Assistant Director of Student Activities Kelly McGahie helped organize the ThinkFast event on campus, having learned about it through other independent schools. As for the timing of this year’s ThinkFast event, McGahie explained that many students were absent from campus this weekend, requiring more programming from the Academy for the students who remained.
“It was college admissions weekend, so the majority of the uppers were busy Friday night,” she explained. Though many of the college admissions events were completed by Saturday, “on the night of the event, a lot of uppers will be out of the town with their parents, so it’s almost like losing a whole class.” In contrast to the Abbot Casino and ALES dance over the past two weekends, where both events were student organized and run either through dorms or clubs, there were fewer students this past weekend available to organize or host a student event. “I wanted to find an event that I could run myself that would hopefully appeal to the remaining students on campus,” McGahie explained.
Unlike the other events where faculty are often involved in the set-up and clean-up process both before and after the event, ThinkFast handles all of the logistics from start to finish. “I hire them, they come in and they do it all,” McGahie said.
Exeter has hosted ThinkFast for the past three years and will continue to do so in the future if the Student Activities Office receives positive feedback from the students this year.
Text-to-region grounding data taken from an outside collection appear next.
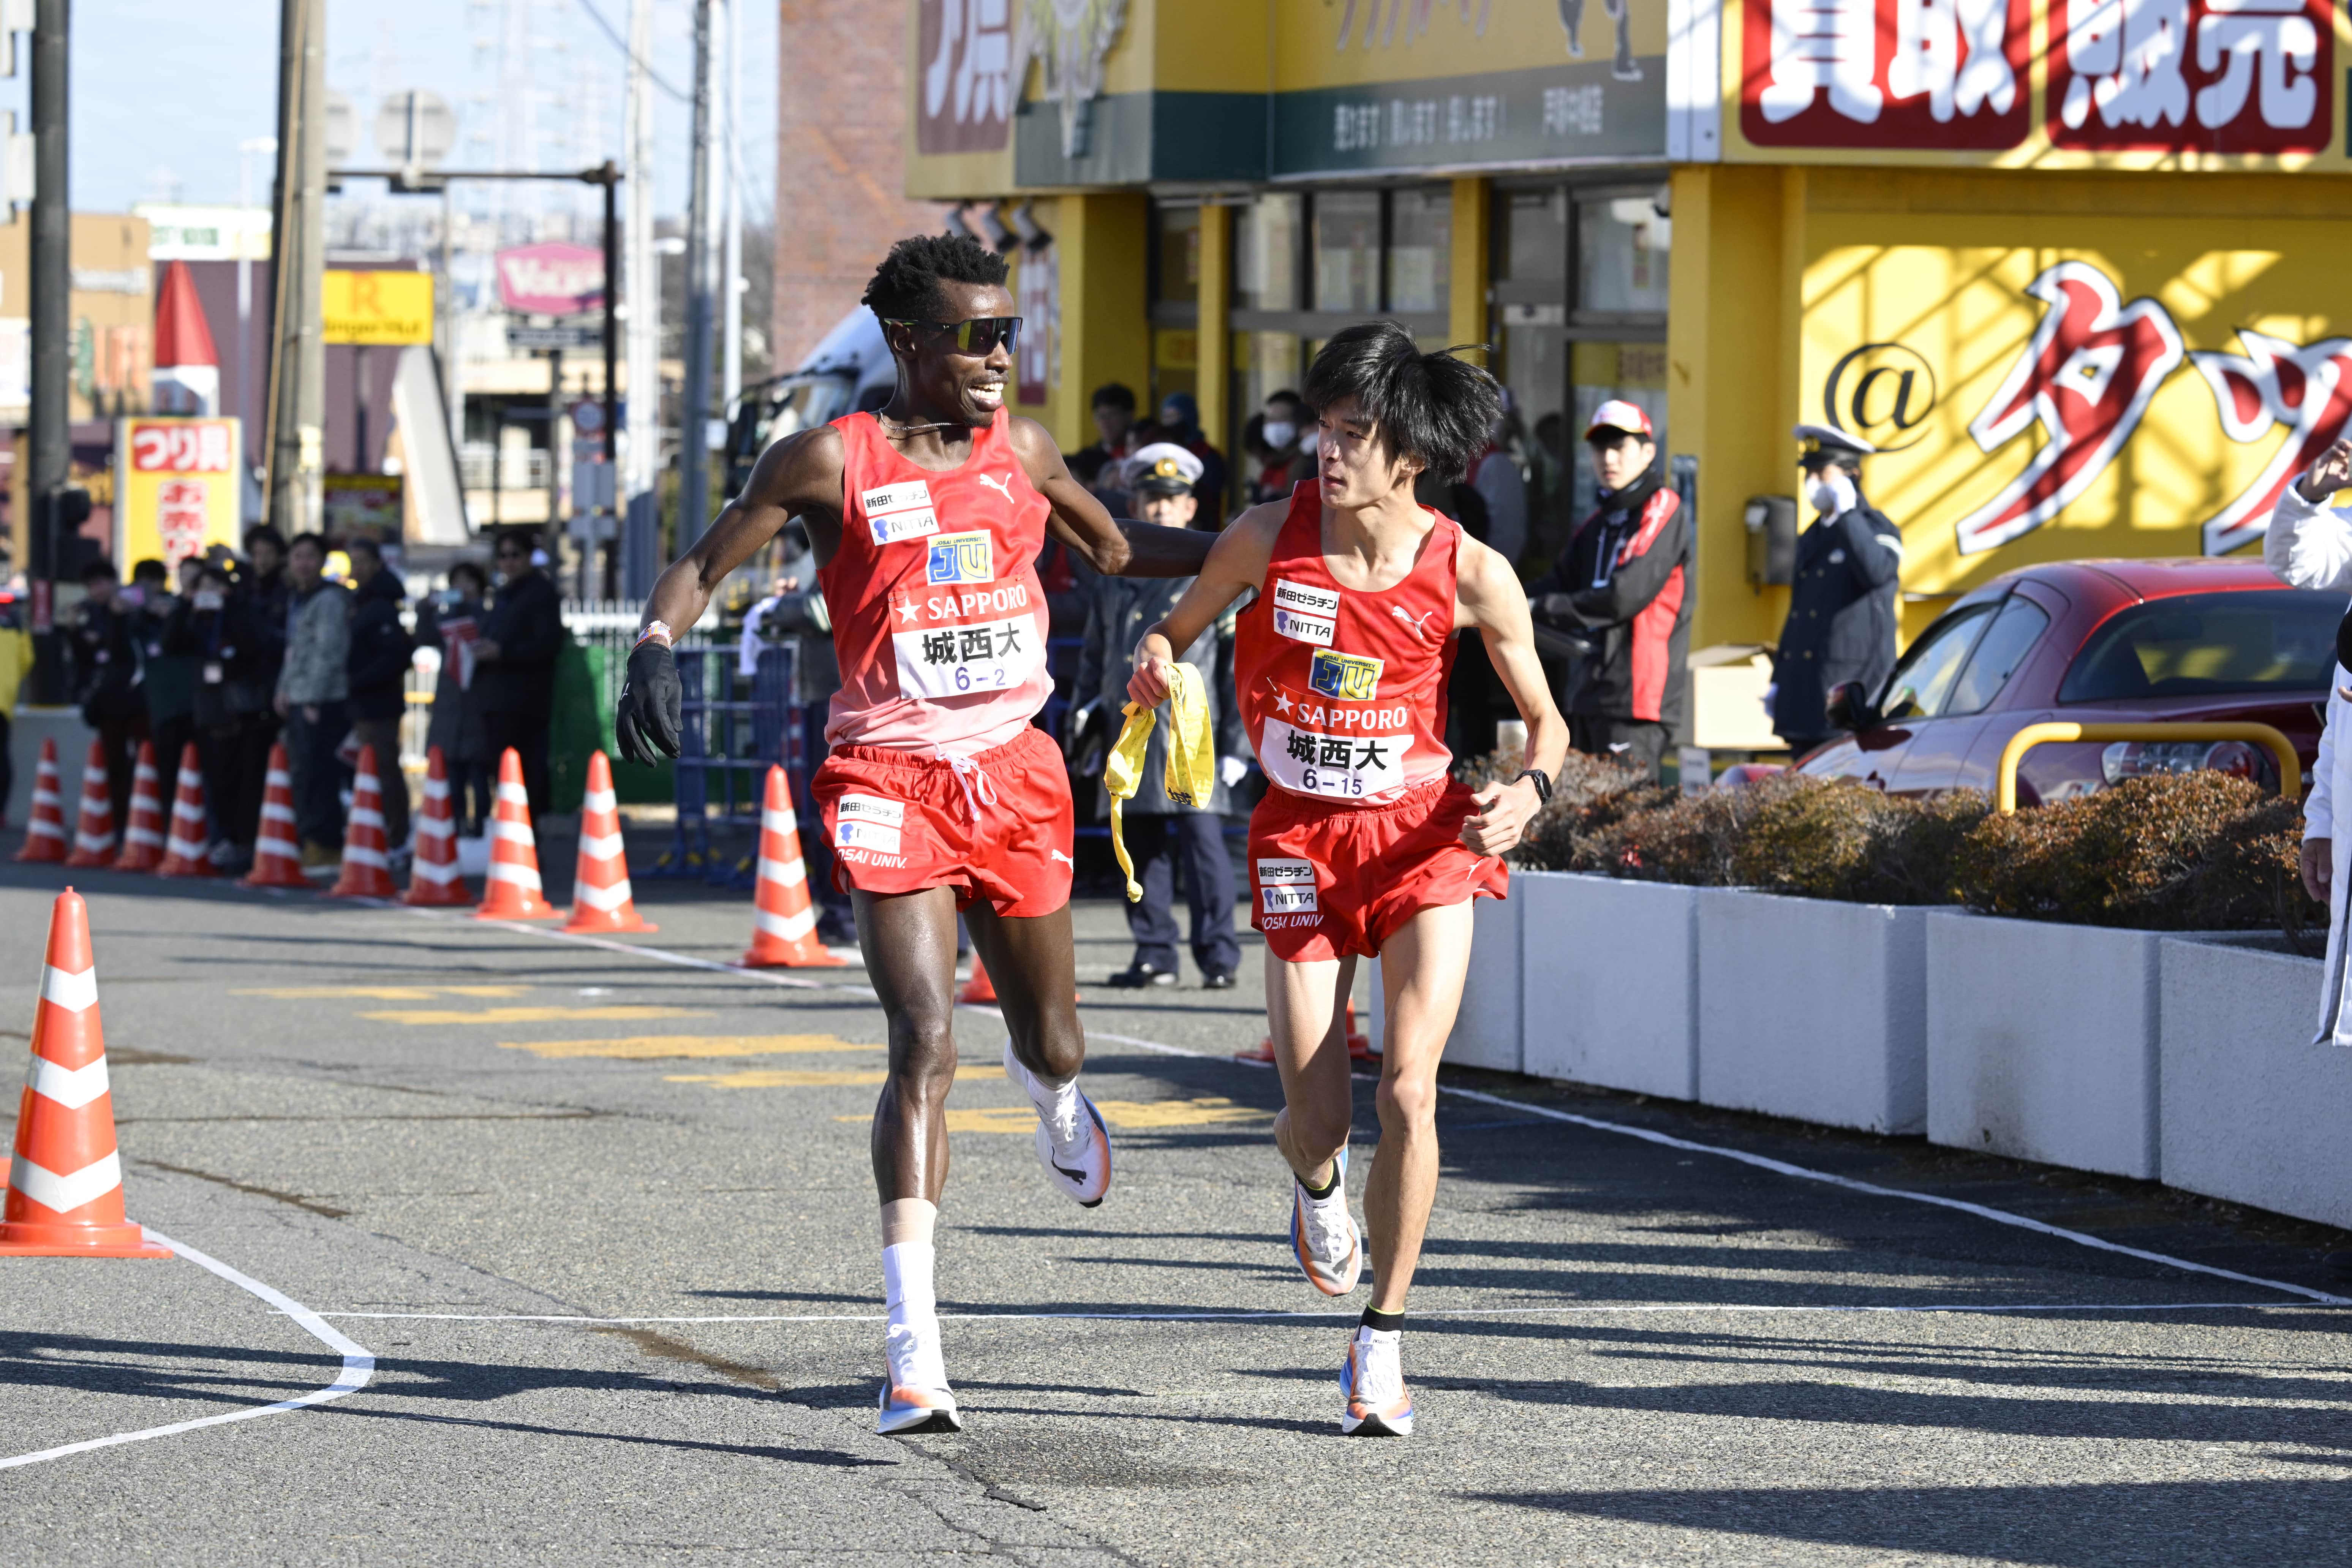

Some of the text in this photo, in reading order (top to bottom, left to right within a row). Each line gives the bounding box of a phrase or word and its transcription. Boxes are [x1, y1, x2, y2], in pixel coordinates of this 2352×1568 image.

[133, 425, 231, 471] つり具
[891, 516, 934, 533] NITTA
[927, 584, 1027, 620] SAPPORO
[1276, 586, 1337, 610] 新田ゼラチン
[1289, 619, 1331, 638] NITTA
[922, 622, 1022, 666] 城西大
[1341, 658, 1376, 669] UNIVERSITY
[1298, 703, 1407, 730] SAPPORO
[1287, 729, 1388, 771] 城西大
[837, 848, 907, 869] OSAI UNIV.
[1259, 866, 1312, 877] 新田ゼラチン
[1275, 893, 1314, 905] NITTA
The Student Activities Office made strong efforts to publicize the event, with e-mails, an item in the school’s online calendar and posters around campus. The students who attended last year enjoyed it, and last year’s winner was eager to return to defend his title.
Prep Noah Lee learned about the event through the weekend activities email letter and attended with a large group of friends. Lee enjoyed answering the questions collaboratively with fellow students, and he was further motivated to attend after participating in quiz shows through the recently released quiz show app “HQ Trivia” as well as his participation in the Exeter Quiz Bowl Club. “I really liked the cash prize,” noted Lee, “and that was probably the main incentive for me to go. The $200 first prize could get you 400 grill cookies!”
Lower Helena Chen also attended the event after noticing it in the weekend programs email. “My friends and I were bored, so we decided to go check it out and see if it was fun,” Chen said. Simply answering the questions was Chen’s favorite part of the program. Similar to Lee, Chen had also been using the app “HQ” and has had previous interest in quiz shows.
This year’s ThinkFast winner was defending champion senior Nick Song. Unlike prior years in which larger teams of students shared the winning prize of $200 dollars, Song, the co-head of Exeter’s Quiz Bowl Club, was the sole victor. He attributes the majority of his success to being “fast on the buzzer” to give an answer. Despite his repeat win, Song remained humble. “I honestly couldn’t have cared less about the money,” he said. “It was a lot of fun hanging with my friends in the audience and doing trivia.”